Posteriormente, en 1968, esa postura ya empieza a flexibilizarse. En ese año escribe un ensayo que también ha sido editado hace algunos años por otra editorial (Mansalva), y que hoy resulta un texto clave e imprescindible: Veinte años de poesía argentina. Allí Urondo traza un mapa exhaustivo de la actividad poética desde la década del 40, en cuya generación predominó, según dice, cierto tono melancólico, también cierta indiferencia, hasta la década del 50, en la que aborda, entre otras cosas, la polémica entre dos poéticas: surrealismo e “invencionismo”, movimiento este último del que en un principio participó, y que, según dice, trasciende y actualiza el creacionismo de Vicente Huidobro: le añade lucidez, a partir de “un tono vital coherente y perceptible  para todos”, dice la cita que hace de Edgar Bayley, acaso uno de los poetas locales que más lo ha influenciado.

Respecto de las reseñas, el libro incluye muchas de las que publicó en el suplemento de cultura del diario La Opinión a principios de los 70, y en las que aborda libros de autores jóvenes, muchas veces óperas primas, ya que, como señala Osvaldo Aguirre en el estudio preliminar, a Urondo “no le interesan los premios literarios ni los autores consagrados”.

Prefiere trabajar en los márgenes, con aquellos escritores “desconsiderados por la industria editorial y los suplementos literarios tradicionales”. Aunque esa actitud no implica, por supuesto, una condescendencia en su juicio crítico. Urondo es severo –a veces, hasta despiadado– incluso con aquellos libros que le gustan. Aunque por momentos adopta un tono casi paternalista: “Seguramente, un ejercicio mayor en el campo que ha elegido le acercará a Baudouin una precisión evitadora de estos peligros, útil para crecer sin contrariedades”. Esos peligros, vale decir, consisten en abandonar el campo de lo cotidiano y aventurarse en un arriesgado “trascendentalismo vacuo”.

En cierto modo, podría decirse que el autor de Adolecer adolece, justamente, de eso de lo que también adolece Fresán –según dijo él mismo– y muchos escritores que practican también la crítica literaria: juzgar las obras a partir de los propios parámetros de escritor, no desde parámetros críticos. Por eso también le molesta cuando advierte cierto surrealismo, o un exceso de introversión, o la descripción de una intimidad que no conecta “con otras que, al ser percibidas, suelen conformar un universo”, escribe.
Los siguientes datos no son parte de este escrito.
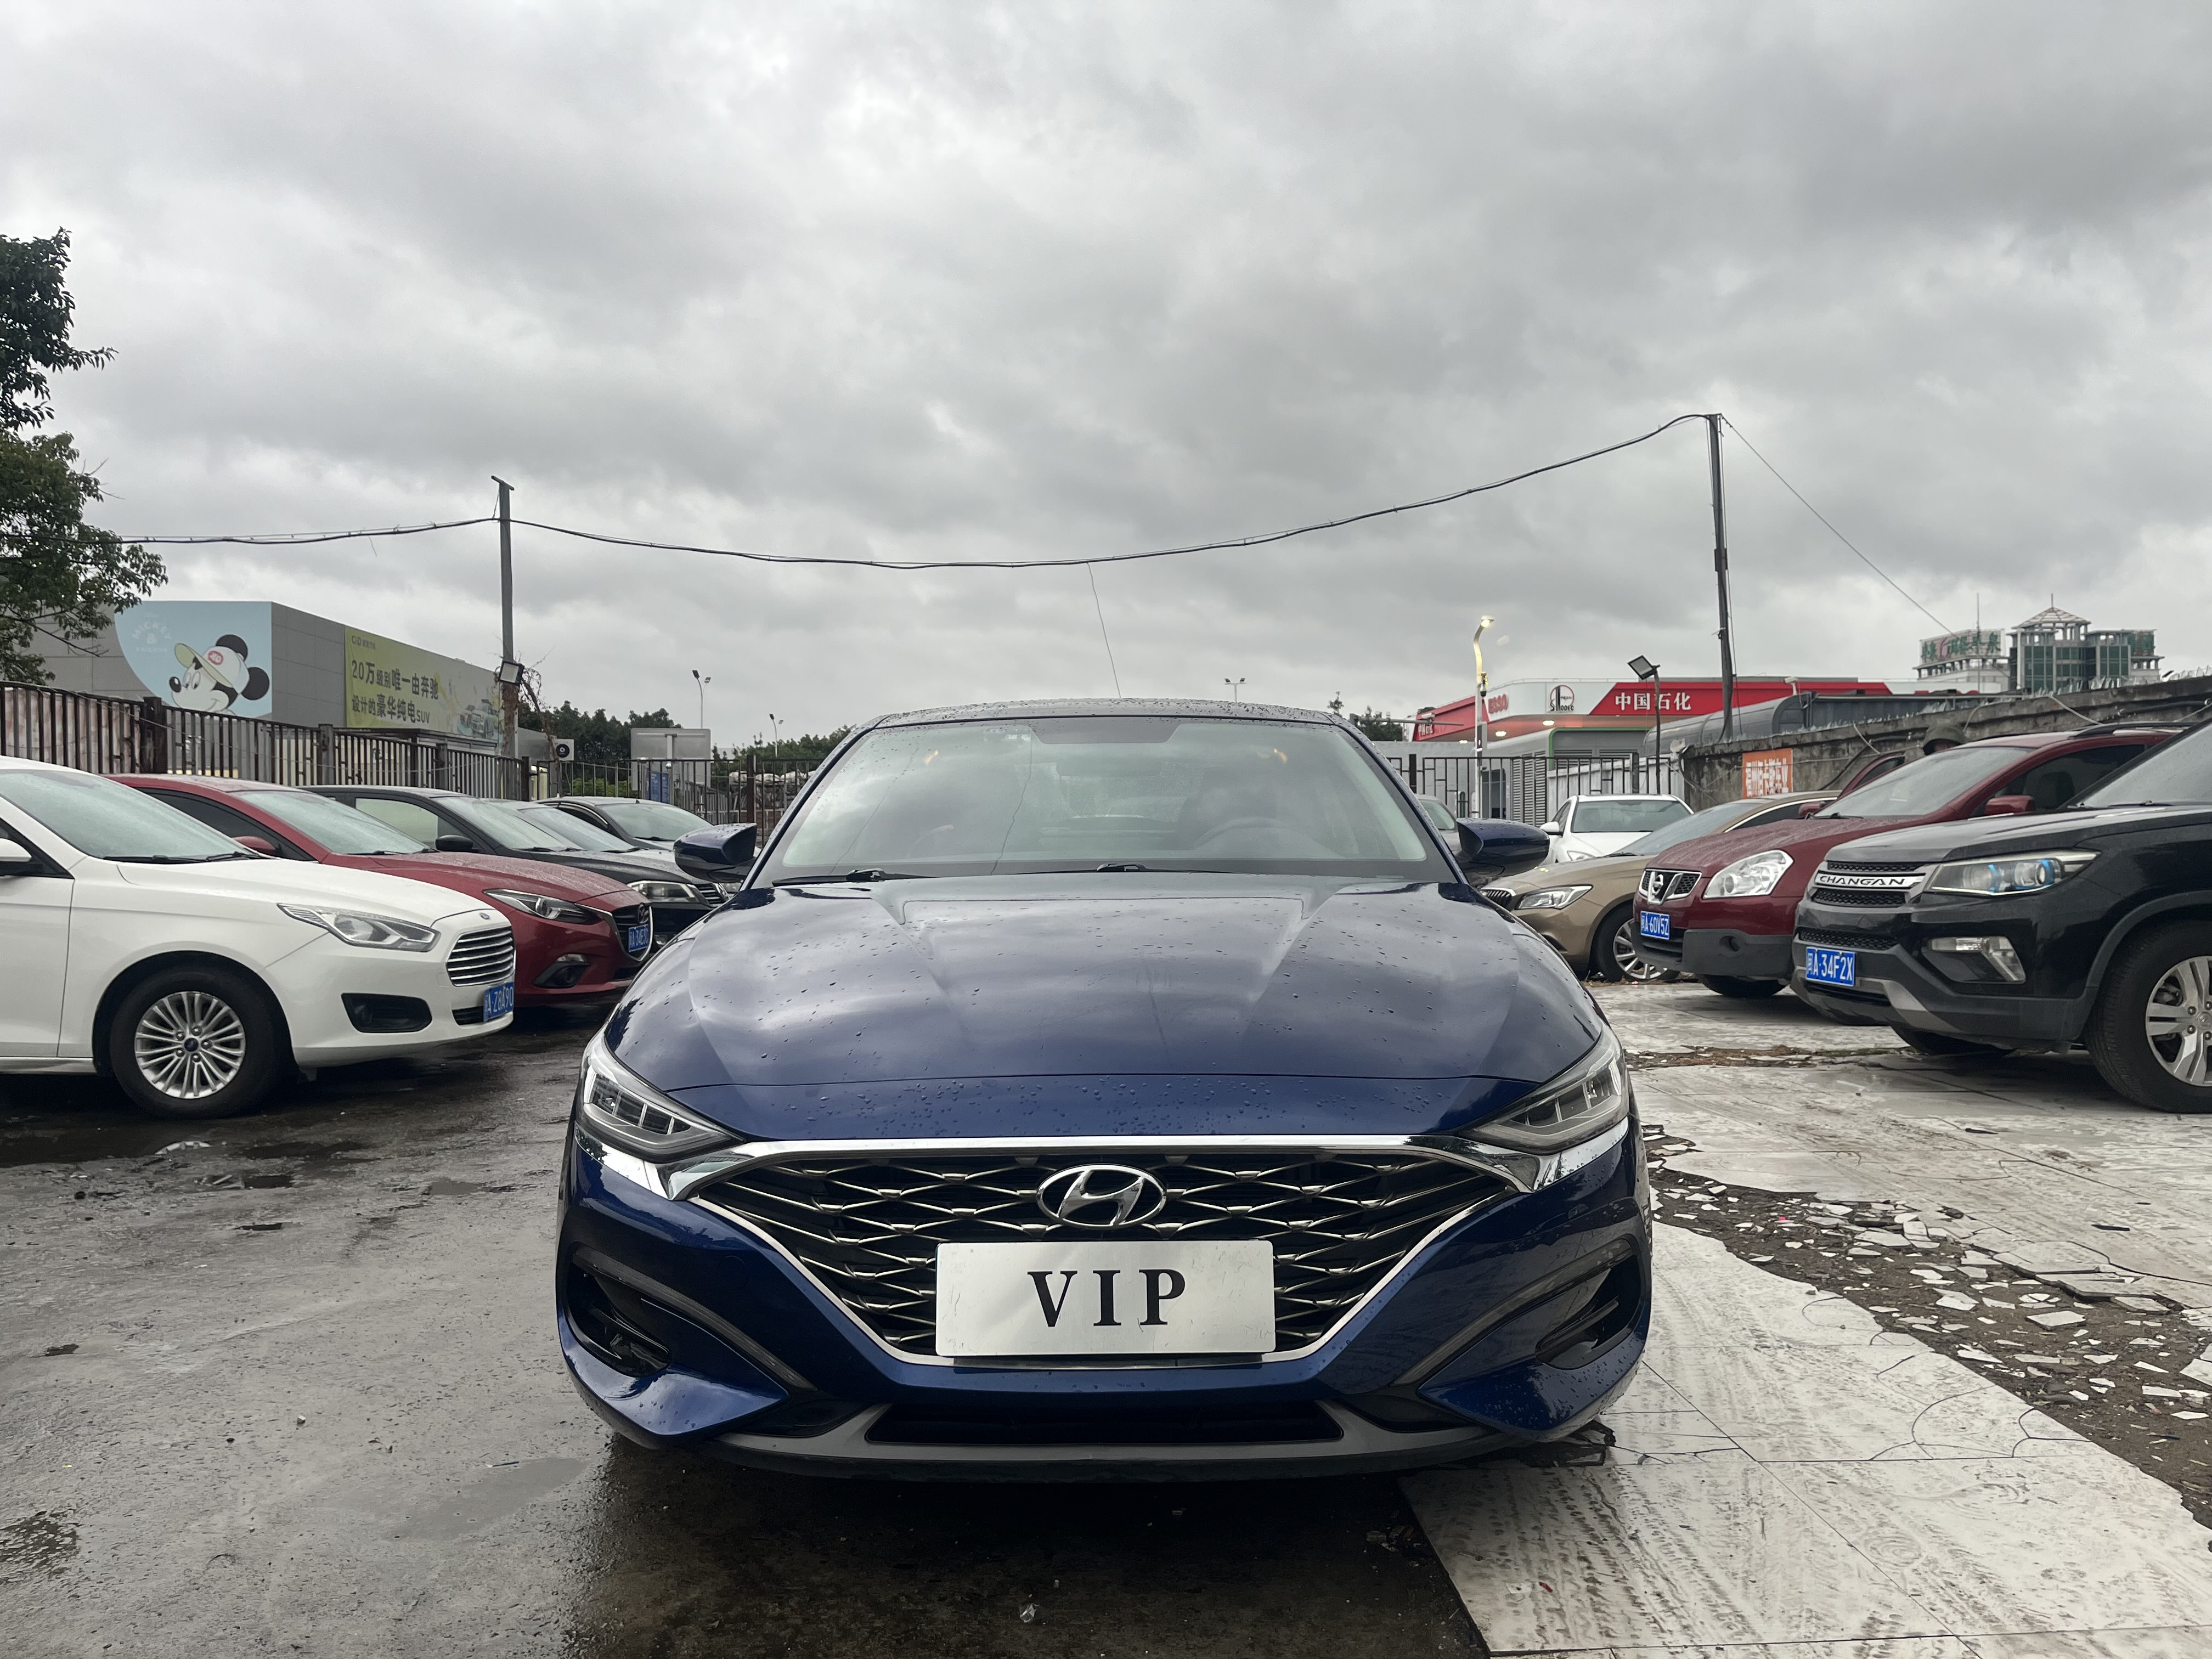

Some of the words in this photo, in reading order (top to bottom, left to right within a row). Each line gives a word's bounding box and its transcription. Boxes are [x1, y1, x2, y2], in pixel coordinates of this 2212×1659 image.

El libro, por último, cierra con algunas entrevistas, la última de las cuales la dio desde la cárcel de Devoto, poco antes de que Cámpora lo liberara y de que, unos años después, el grupo católico Montoneros lo mandara a morir a Mendoza como castigo por su infidelidad conyugal: se sabe que un militante, y más aún un revolucionario, como dijimos al principio, debe ser austero, pobre y monógamo.

Pues bien: Urondo no lo era, como en cierta medida tampoco lo era Juan Bautista Bairoletto.

Entre ambos alguien como Borges quizás hubiera visto un paralelismo plutarquiano, una historia que se repite. Nacidos ambos en Santa Fe, muertos los dos en Mendoza. Suicidados ambos para no dejarse atrapar por la policía. Uno, el último gaucho matrero y romántico. Otro, el último, o uno de los últimos poetas revolucionarios. A su modo, adorables bandidos los dos.